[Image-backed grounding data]
::::::::

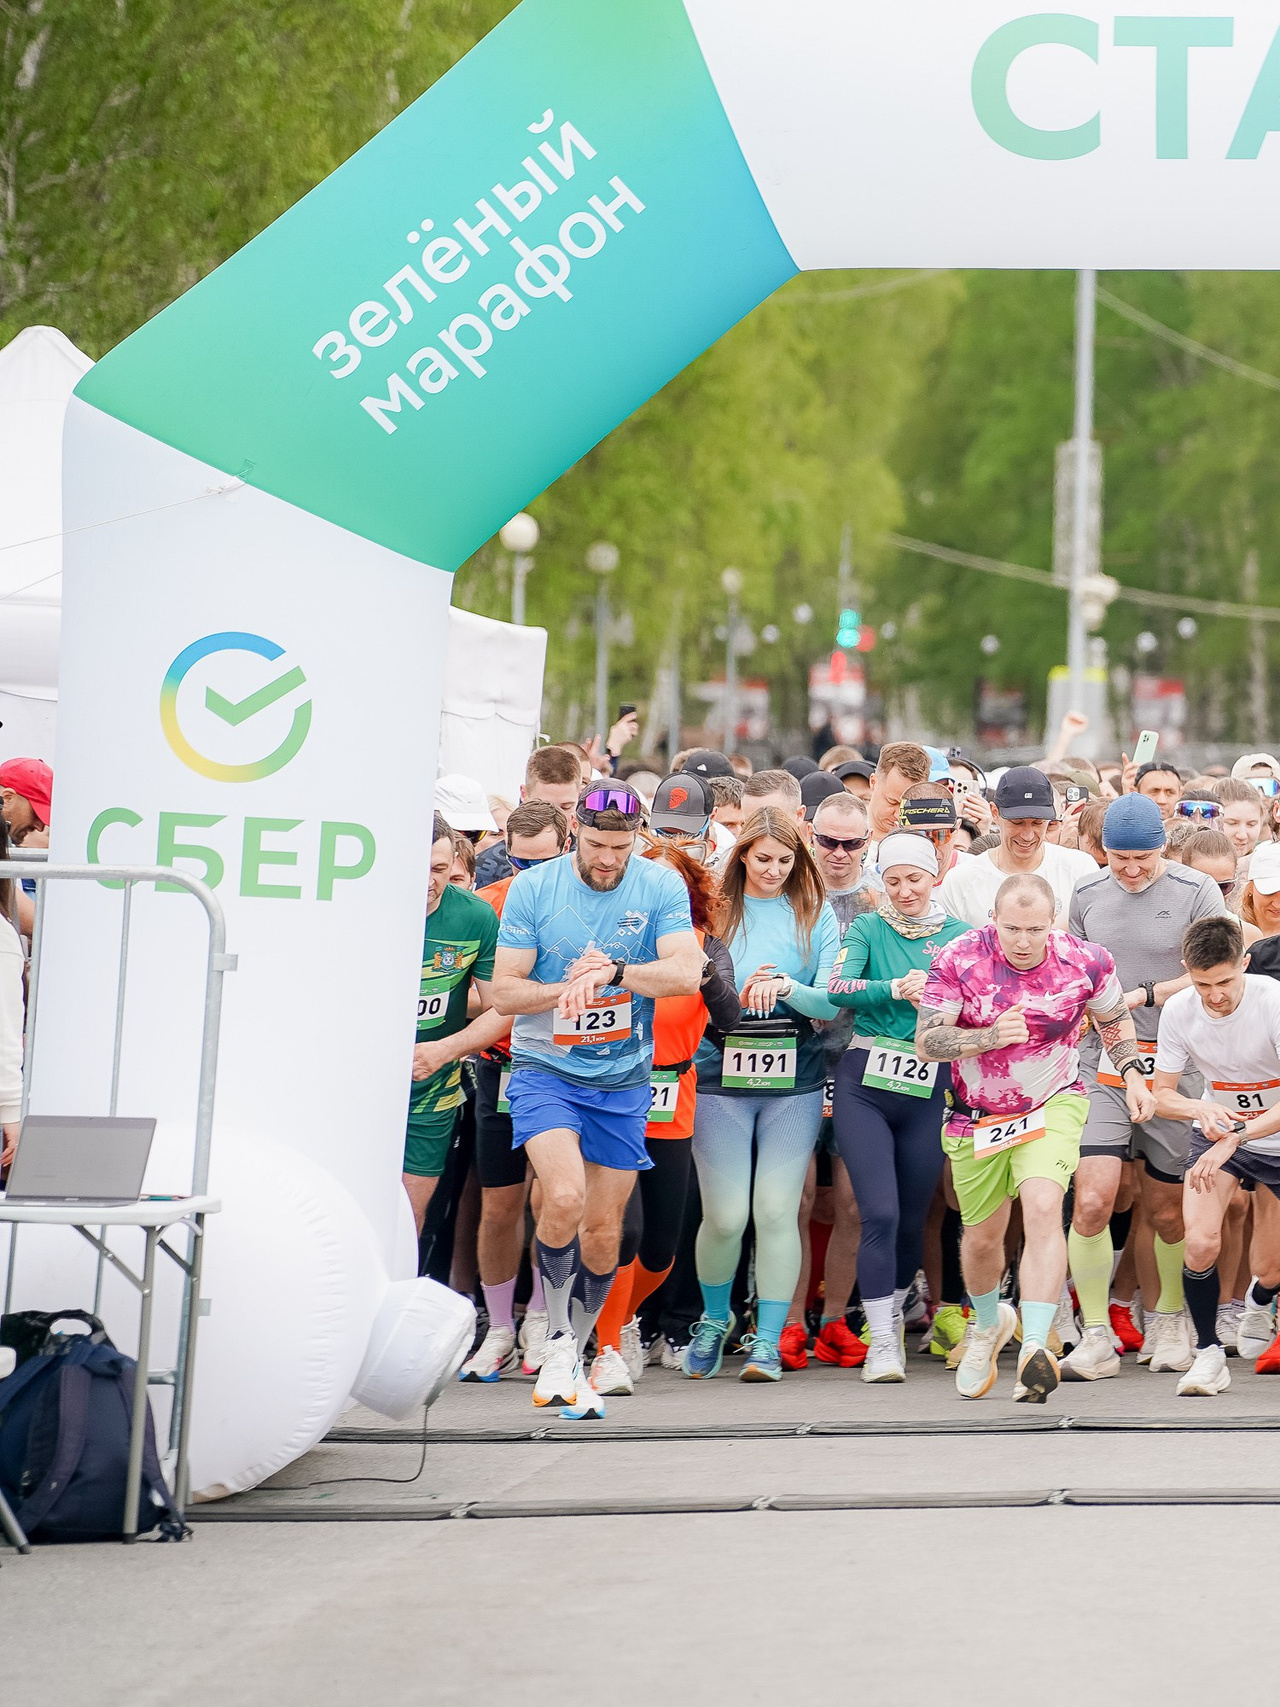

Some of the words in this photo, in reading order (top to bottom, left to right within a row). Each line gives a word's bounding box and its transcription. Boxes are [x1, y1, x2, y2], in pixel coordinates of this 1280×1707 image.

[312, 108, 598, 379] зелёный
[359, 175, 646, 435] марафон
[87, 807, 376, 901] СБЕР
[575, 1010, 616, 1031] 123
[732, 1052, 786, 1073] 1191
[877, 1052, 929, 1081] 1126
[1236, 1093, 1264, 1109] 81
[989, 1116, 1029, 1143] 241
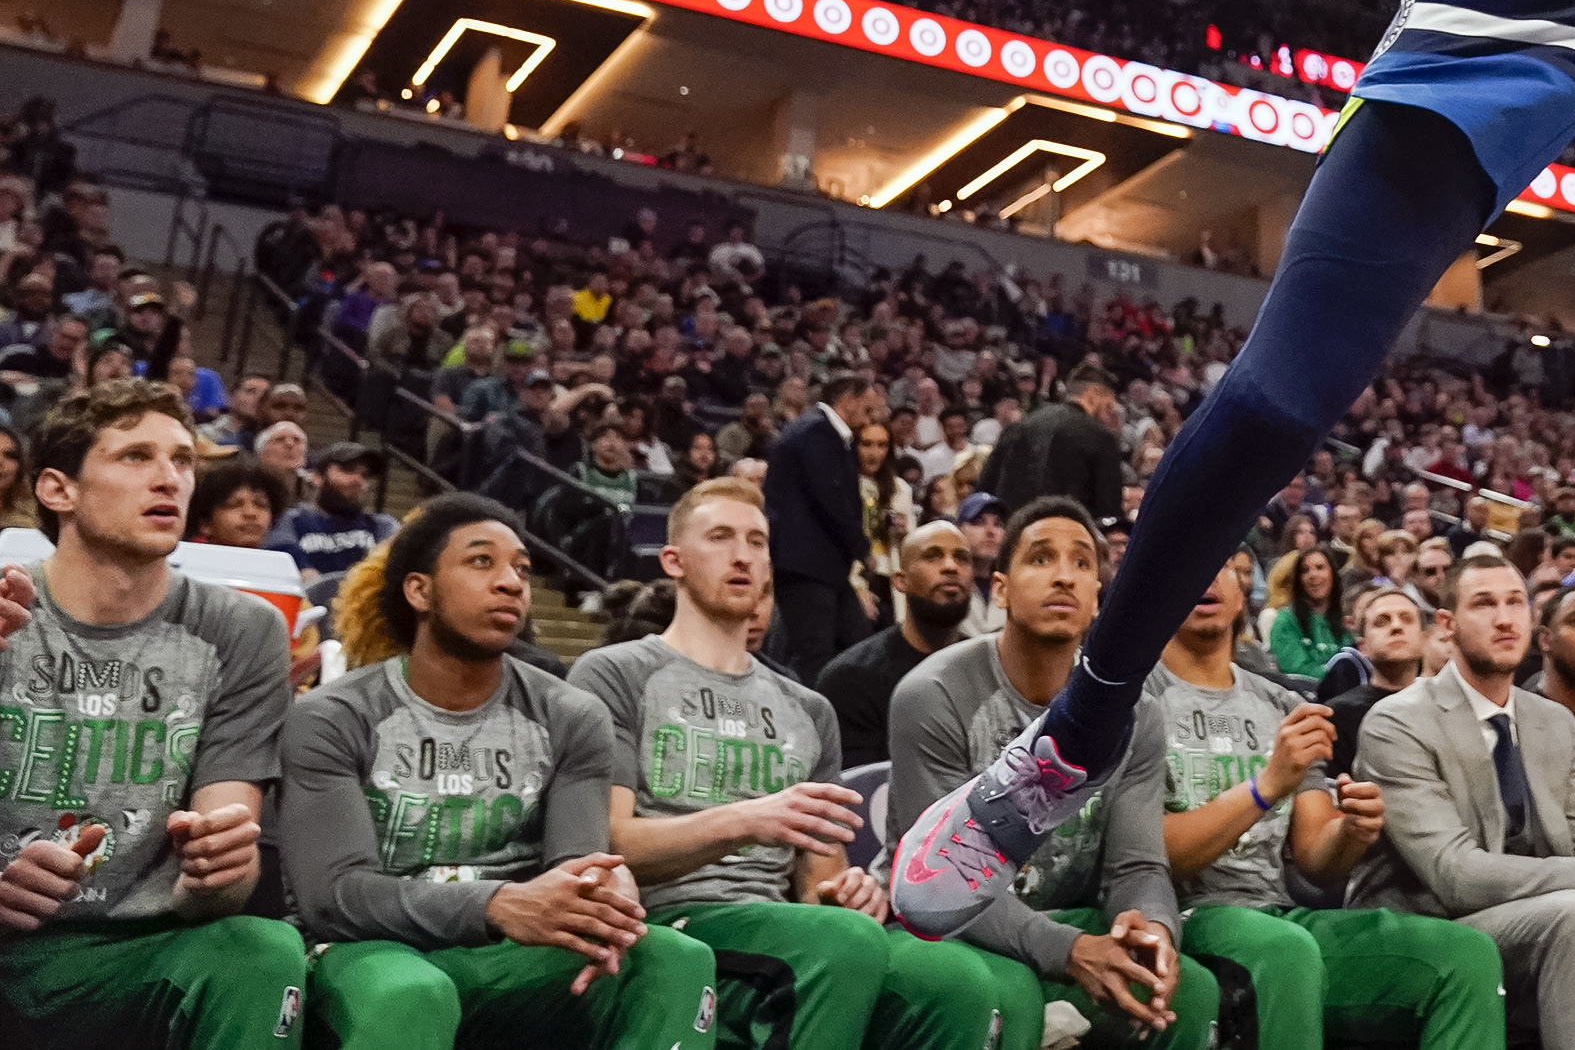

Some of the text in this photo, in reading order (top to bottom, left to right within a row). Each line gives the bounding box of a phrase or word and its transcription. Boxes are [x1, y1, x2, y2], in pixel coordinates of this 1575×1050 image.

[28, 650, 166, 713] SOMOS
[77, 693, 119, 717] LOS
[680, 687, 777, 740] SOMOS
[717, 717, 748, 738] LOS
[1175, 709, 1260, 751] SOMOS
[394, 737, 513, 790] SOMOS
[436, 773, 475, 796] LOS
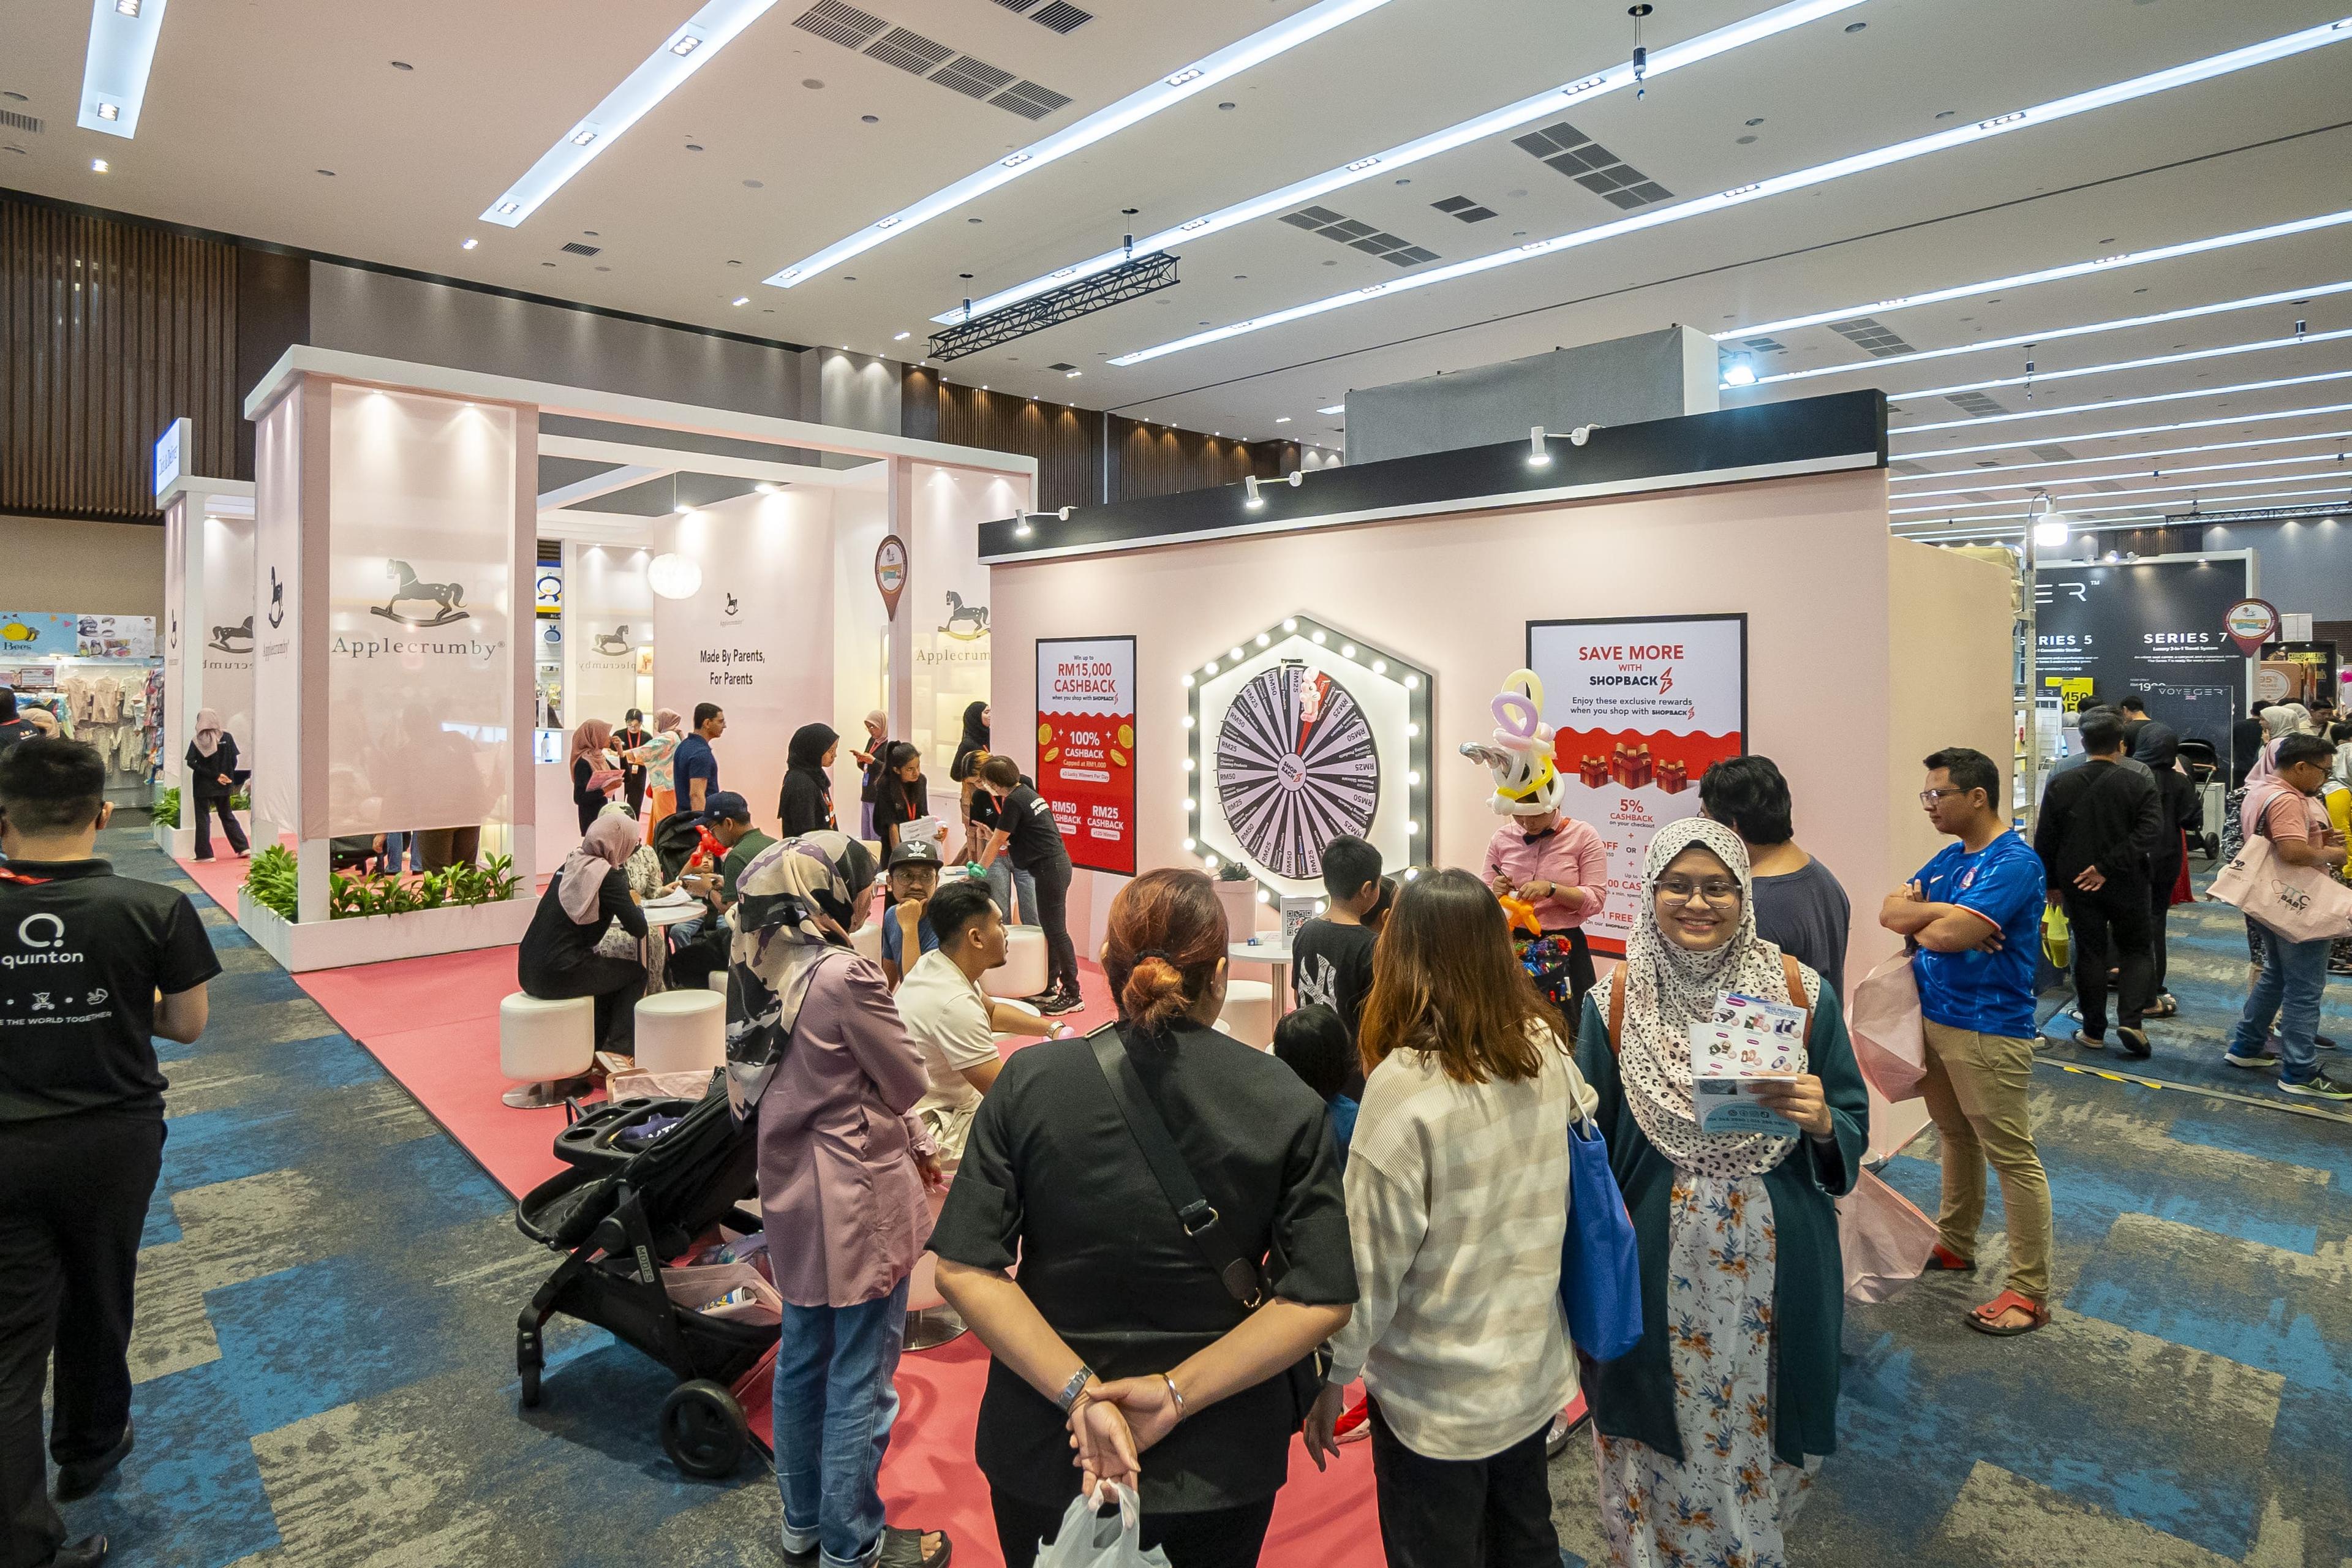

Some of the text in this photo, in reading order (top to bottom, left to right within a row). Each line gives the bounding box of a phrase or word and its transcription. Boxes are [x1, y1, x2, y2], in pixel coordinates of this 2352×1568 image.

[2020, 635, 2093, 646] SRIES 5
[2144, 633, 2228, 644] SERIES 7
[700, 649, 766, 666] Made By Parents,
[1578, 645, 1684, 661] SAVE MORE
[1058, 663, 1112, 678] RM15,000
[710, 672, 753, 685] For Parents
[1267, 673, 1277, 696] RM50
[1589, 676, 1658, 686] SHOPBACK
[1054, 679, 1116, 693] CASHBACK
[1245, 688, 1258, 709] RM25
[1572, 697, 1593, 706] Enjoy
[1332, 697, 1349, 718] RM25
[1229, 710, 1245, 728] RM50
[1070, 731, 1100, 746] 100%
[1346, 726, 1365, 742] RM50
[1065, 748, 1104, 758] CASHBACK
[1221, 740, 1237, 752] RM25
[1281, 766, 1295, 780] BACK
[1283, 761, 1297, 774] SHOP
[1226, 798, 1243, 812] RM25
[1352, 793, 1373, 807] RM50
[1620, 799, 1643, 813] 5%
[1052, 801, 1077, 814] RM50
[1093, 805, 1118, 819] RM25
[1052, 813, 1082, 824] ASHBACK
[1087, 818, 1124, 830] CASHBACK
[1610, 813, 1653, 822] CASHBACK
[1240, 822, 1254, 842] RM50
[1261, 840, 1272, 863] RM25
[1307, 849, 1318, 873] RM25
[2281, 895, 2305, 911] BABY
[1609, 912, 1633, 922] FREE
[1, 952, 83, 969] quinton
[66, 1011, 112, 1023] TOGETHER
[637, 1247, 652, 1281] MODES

::::::::

[Work order] From the first line to the last, output the records exactly without pictures.

[Task response]
Some of the words in this photo, in reading order (top to bottom, left to right within a row). Each line gives a word's bounding box and its transcription. Boxes are [x1, y1, x2, y2], in pixel coordinates of this 1280×1707 image.

[312, 108, 598, 379] зелёный
[359, 175, 646, 435] марафон
[87, 807, 376, 901] СБЕР
[575, 1010, 616, 1031] 123
[732, 1052, 786, 1073] 1191
[877, 1052, 929, 1081] 1126
[1236, 1093, 1264, 1109] 81
[989, 1116, 1029, 1143] 241

Some of the text in this photo, in reading order (top to bottom, left to right within a row). Each line gives the bounding box of a phrase or word and its transcription. Boxes are [x1, y1, x2, y2], in pixel coordinates of this 1575×1050 image.

[28, 650, 166, 713] SOMOS
[77, 693, 119, 717] LOS
[680, 687, 777, 740] SOMOS
[717, 717, 748, 738] LOS
[1175, 709, 1260, 751] SOMOS
[394, 737, 513, 790] SOMOS
[436, 773, 475, 796] LOS

Some of the text in this photo, in reading order (top to bottom, left to right within a row). Each line gives the bounding box of a phrase or word and its transcription. Boxes are [x1, y1, x2, y2], in pixel coordinates of this 2352×1568 image.

[2020, 635, 2093, 646] SRIES 5
[2144, 633, 2228, 644] SERIES 7
[700, 649, 766, 666] Made By Parents,
[1578, 645, 1684, 661] SAVE MORE
[1058, 663, 1112, 678] RM15,000
[710, 672, 753, 685] For Parents
[1267, 673, 1277, 696] RM50
[1589, 676, 1658, 686] SHOPBACK
[1054, 679, 1116, 693] CASHBACK
[1245, 688, 1258, 709] RM25
[1572, 697, 1593, 706] Enjoy
[1332, 697, 1349, 718] RM25
[1229, 710, 1245, 728] RM50
[1070, 731, 1100, 746] 100%
[1346, 726, 1365, 742] RM50
[1065, 748, 1104, 758] CASHBACK
[1221, 740, 1237, 752] RM25
[1281, 766, 1295, 780] BACK
[1283, 761, 1297, 774] SHOP
[1226, 798, 1243, 812] RM25
[1352, 793, 1373, 807] RM50
[1620, 799, 1643, 813] 5%
[1052, 801, 1077, 814] RM50
[1093, 805, 1118, 819] RM25
[1052, 813, 1082, 824] ASHBACK
[1087, 818, 1124, 830] CASHBACK
[1610, 813, 1653, 822] CASHBACK
[1240, 822, 1254, 842] RM50
[1261, 840, 1272, 863] RM25
[1307, 849, 1318, 873] RM25
[2281, 895, 2305, 911] BABY
[1609, 912, 1633, 922] FREE
[1, 952, 83, 969] quinton
[66, 1011, 112, 1023] TOGETHER
[637, 1247, 652, 1281] MODES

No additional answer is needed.